Chi fa un lavoro delicato, importante e istituzionale nonchè pubblico, deve stare mille volte più attento.

E anche un “mi piace” sottintende una forma di appoggio e di condivisione che non può essere sottovalutato.

Una dichiarazione di un magistrato, di un politico, di un rappresentante di una istituzione viene enfatizzato per quello che rappresenta, per lo spirito emulativo che potrebbe derivarne.

Pansa ha fatto bene a difendere la Polizia, ammettendo alcuni errori del singolo che d’altra parte anche Tortora ammette: “Quella notte io e il mio reparto restammo nella scuola 5 minuti.
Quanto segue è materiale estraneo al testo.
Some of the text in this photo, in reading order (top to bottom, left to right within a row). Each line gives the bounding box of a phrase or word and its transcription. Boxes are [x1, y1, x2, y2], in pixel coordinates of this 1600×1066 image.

E mentre raggiungevamo i piani alti, decine, centinaia di colleghi con le pettorine e in borghese si accanirono su chi era nella palestra”.
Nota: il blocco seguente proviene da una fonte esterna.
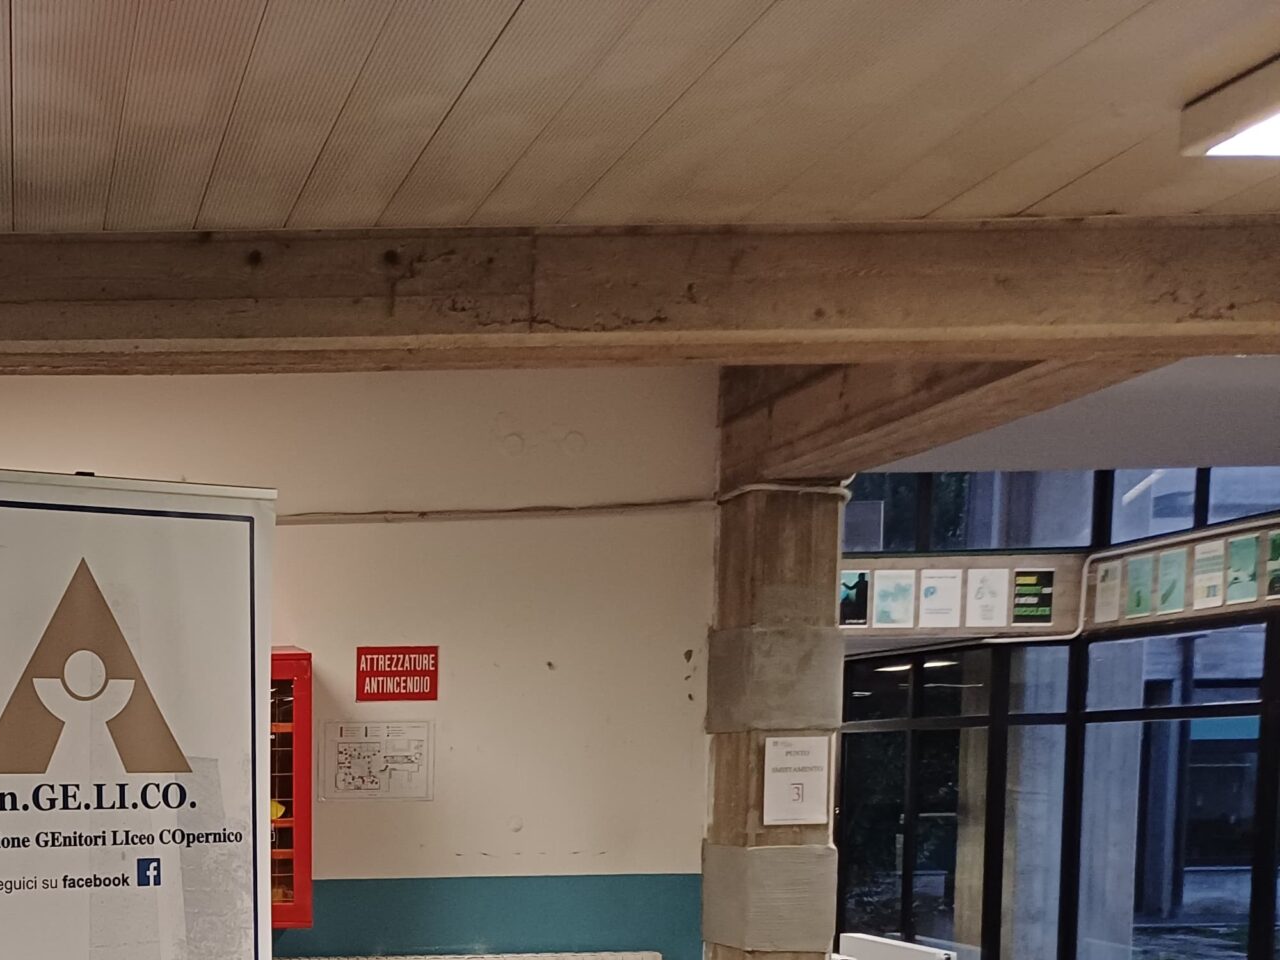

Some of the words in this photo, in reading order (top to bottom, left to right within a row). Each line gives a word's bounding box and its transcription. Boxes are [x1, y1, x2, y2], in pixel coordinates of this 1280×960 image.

[360, 654, 435, 671] ATTREZZATURE
[364, 676, 430, 693] ANTINCENDIO
[35, 830, 107, 848] GEnitori
[111, 829, 154, 846] LIceo
[159, 828, 243, 848] COpernico
[41, 878, 58, 889] su
[62, 873, 130, 889] facebook
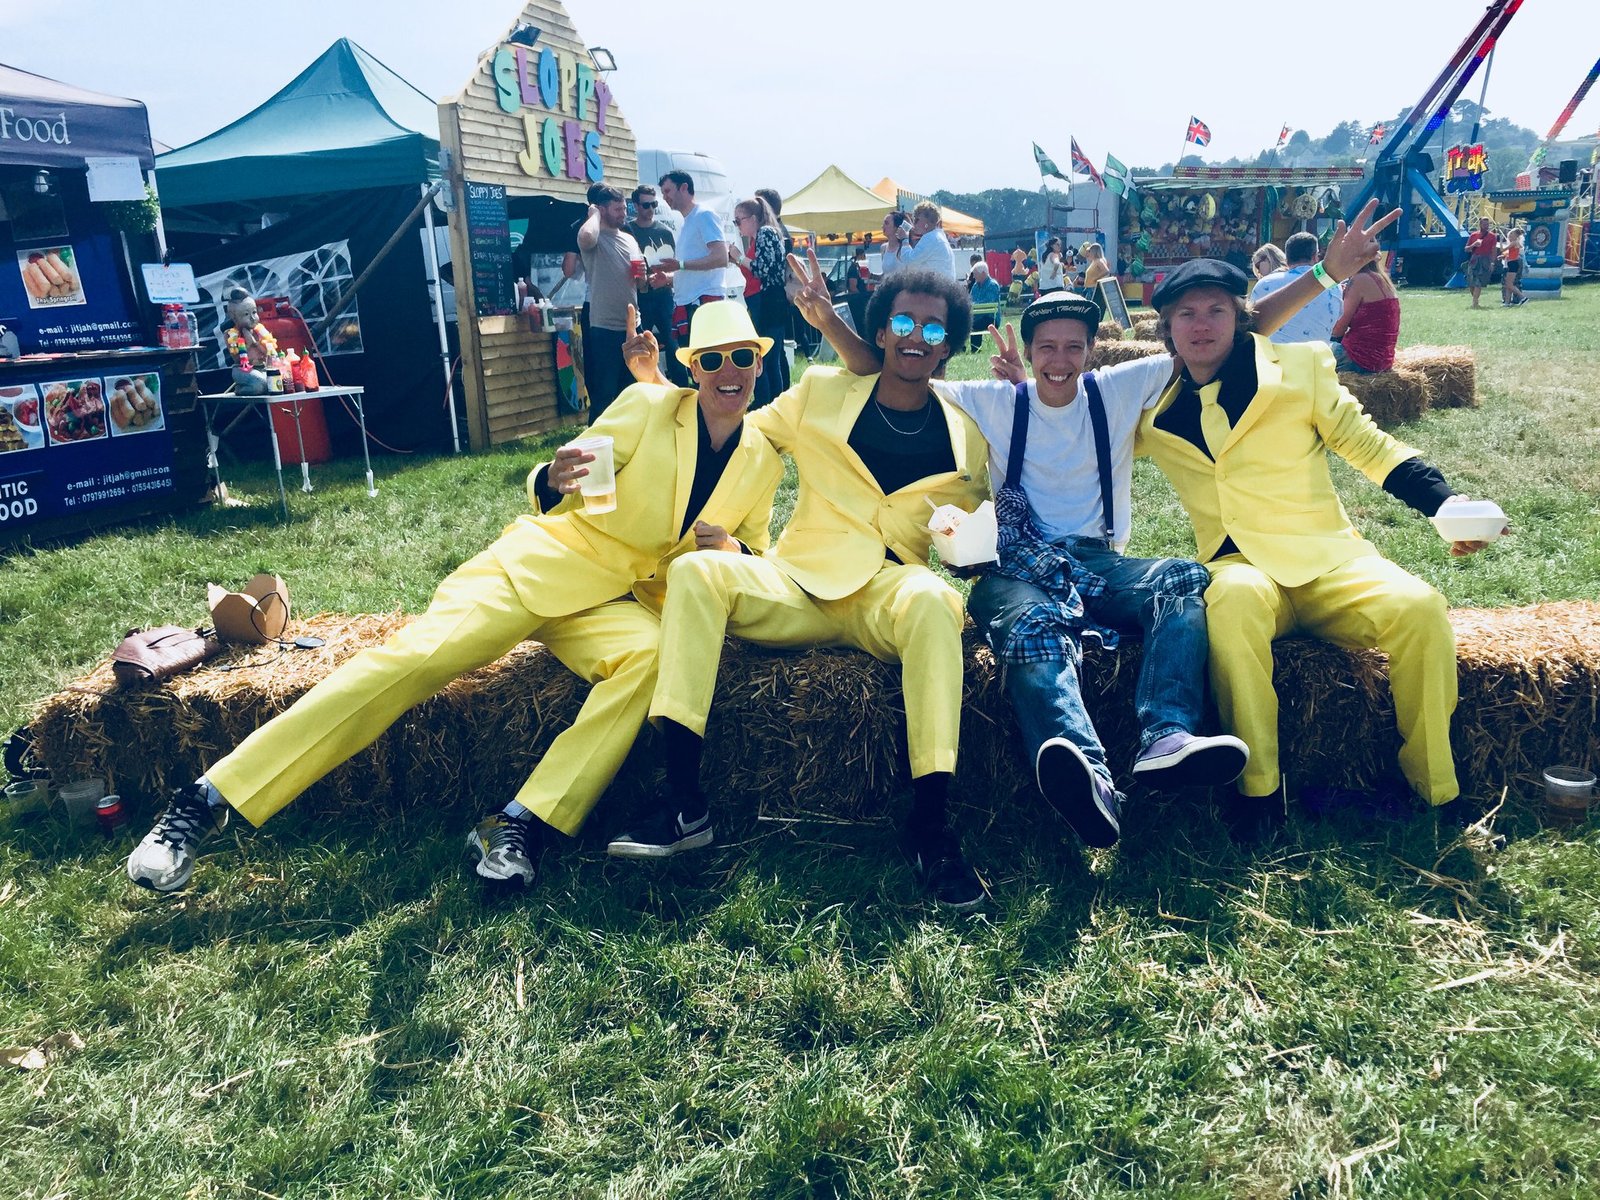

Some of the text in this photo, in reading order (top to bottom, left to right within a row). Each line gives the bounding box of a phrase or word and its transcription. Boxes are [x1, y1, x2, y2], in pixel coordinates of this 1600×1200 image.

[492, 47, 613, 135] SLOPPY
[0, 106, 72, 145] Food
[516, 113, 604, 183] JOES
[39, 325, 64, 335] e-mail
[0, 481, 28, 499] TIC
[67, 478, 95, 491] e-mail
[64, 497, 76, 507] Tel
Se Tortora ha visto e sentito cose illegali doveva caso mai denunciarle allora, mentre oggi prende le distanze da un lato e dall’altro lancia messaggi generici di condivisione?

Pansa precisa “. “Errori e inadeguatezze dei singoli – ha aggiunto – sono purtroppo sempre possibili perché gli uomini sono fallibili e perché si opera in condizioni difficili a volte eccezionali. E’ nostro compito evitarli e reprimerli con immediatezza”.

I commenti poi di chi fa campagna elettorale sono inopportuni in una materia delicata come quella in oggetto, è giusto invece rimuovere o attutire le condizioni di lavoro difficili di chi si trova a gestire i black-block o altri estremisti che usano la violenza come mezzo di comunicazione.

La soluzione è l’equilibrio nell’uso delle forze dell’Ordine, che siano ben equipaggiate e difese quando agiscono correttamente perchè lavorano per la  nostra sicurezza e non si devono pagare l’avvocato a livello personale quando sono in servizio ed in buona fede, ma che devono muoversi all’interno delle regole di servizio.